Вольер (Дымовская) - страница 162


Затем Мегест Иверский и его товарищи, с одобрения собрания, как присутствующего, так и далеких его участников по каналам связи, стали действовать без промедлений. Они сказали:

Мы не пошлем никого из вас вместо себя, но сами совершим наиболее трудное и страшное.

Так они и сделали. Огромные территории, разрозненные и разобщенные тут и там, были оцеплены в считаные часы «промышленными сервами». Зоны, отданные для Вольеров по всему миру, подверглись отторжению и наскоро запечатывались граничными непроходимыми решетками. Внутри выделенных поселений все тем не менее сохранялось, как прежде. И роскошная еда, и свежайшая вода, и полное «алмазное изобилие», любая прихоть, доступная скупой бездумной душе. Только прочь из Вольера более не было хода.

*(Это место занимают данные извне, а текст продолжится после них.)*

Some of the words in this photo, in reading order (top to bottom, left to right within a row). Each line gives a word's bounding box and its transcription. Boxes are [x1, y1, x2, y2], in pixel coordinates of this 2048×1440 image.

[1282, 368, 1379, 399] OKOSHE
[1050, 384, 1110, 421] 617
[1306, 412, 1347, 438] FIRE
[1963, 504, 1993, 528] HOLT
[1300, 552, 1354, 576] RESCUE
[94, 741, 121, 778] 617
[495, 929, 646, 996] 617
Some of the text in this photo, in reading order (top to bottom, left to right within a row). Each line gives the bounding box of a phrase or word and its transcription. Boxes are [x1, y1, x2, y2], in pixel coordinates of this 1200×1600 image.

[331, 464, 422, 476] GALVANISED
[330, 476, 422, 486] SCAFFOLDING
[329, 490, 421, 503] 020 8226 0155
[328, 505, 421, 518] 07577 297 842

И тогда толпа поняла – ее ничтожного разумения все же хватило на это, – что Носители обманули их и провели. Свобода, которой они никогда не дорожили ранее, вдруг оказалась утраченной безвозвратно. Но это волновало их меньше всего, ибо самое обидное было – претерпеть унижение от тех, кого они вовсе не считали равными себе, но смотрели сверху вниз. Тем паче свободу в толпе понимали совсем по‑особому: свободен на деле не тот, кто может развивать себя в добре, долге и правде, но тот, кто имеет власть лишать свободы других. Невыносимое это ограничение и толкнуло во многих местах толпу на бунт. Бессмысленный, могущий стать бесконечным и в итоге опасным. Ибо зверь, не страшащийся своего укротителя, хитер, злобен и непременно вырвется на волю. И уж тогда он жестоко отомстит, оттого только, что ни на что иное не способен. Для Иверского и его группы настал решительный момент – принятие на себя той самой ответственности, которую нельзя было им переложить на чужие плечи. Пролилась кровь.

Никто их и не винил, уж Мегеста в последнюю очередь. Но они все равно все до одного покончили с собой. Добровольно, не считая себя вправе жить дальше.

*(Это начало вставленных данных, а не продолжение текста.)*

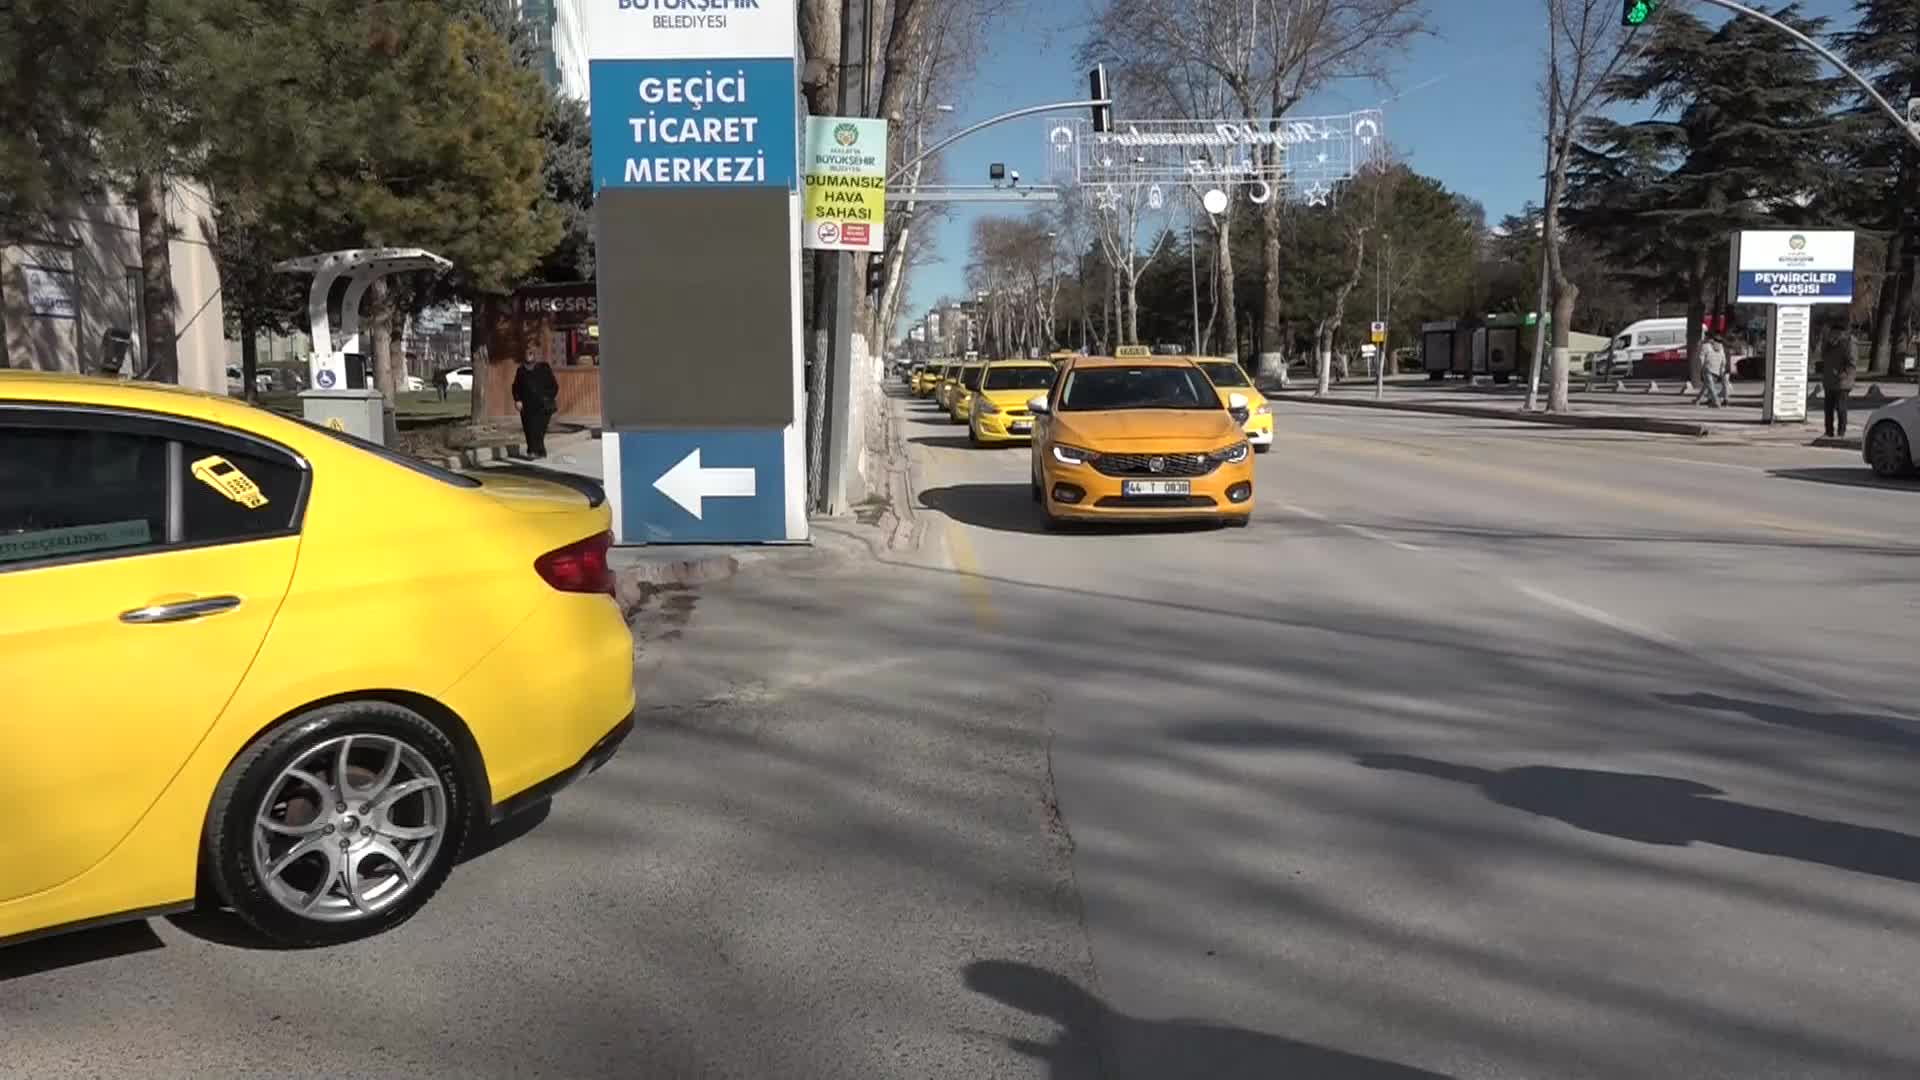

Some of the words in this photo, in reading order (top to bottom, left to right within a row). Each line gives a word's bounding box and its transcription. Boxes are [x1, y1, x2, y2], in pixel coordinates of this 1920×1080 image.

[639, 70, 745, 110] GEÇİCİ
[629, 111, 758, 143] TİCARET
[624, 150, 765, 183] MERKEZİ
[806, 175, 884, 189] DUMANSIZ
[825, 191, 864, 203] HAVA
[816, 206, 872, 220] SAHASI
[1755, 272, 1837, 284] PEYNİRCİLER
[1770, 284, 1820, 296] ÇARŞISI
[1130, 482, 1141, 492] 44

Затем постепенно образ жизни Вольера низведен был к тому незамысловатому укладу, который прочно сложился теперь. Излишества съели скука и равнодушие, разумное любопытство к жизни – полное, тупое самоограничение и бездеятельность. Закон усмирял, «домовой» ублажал, небесные боги‑радетели защищали от бед. Это было Тиму уже интересно куда меньше – и то сказать, он видел все сам изнутри. Сложить два и два у него, хвала судьбе, достало соображения.

Вечером последнего дня он вышел из Музеума Третьей Революции. Зашатался, едва сделав пару шагов, от терпкого, сладкого воздуха безветренной ночи. Посмотрел на ушибленную, одиноко замерзающую в небесах луну. Как жить дальше? Ты не знаешь? Спросил он. Луна не сказала. Но Тим и без нее знал ответ.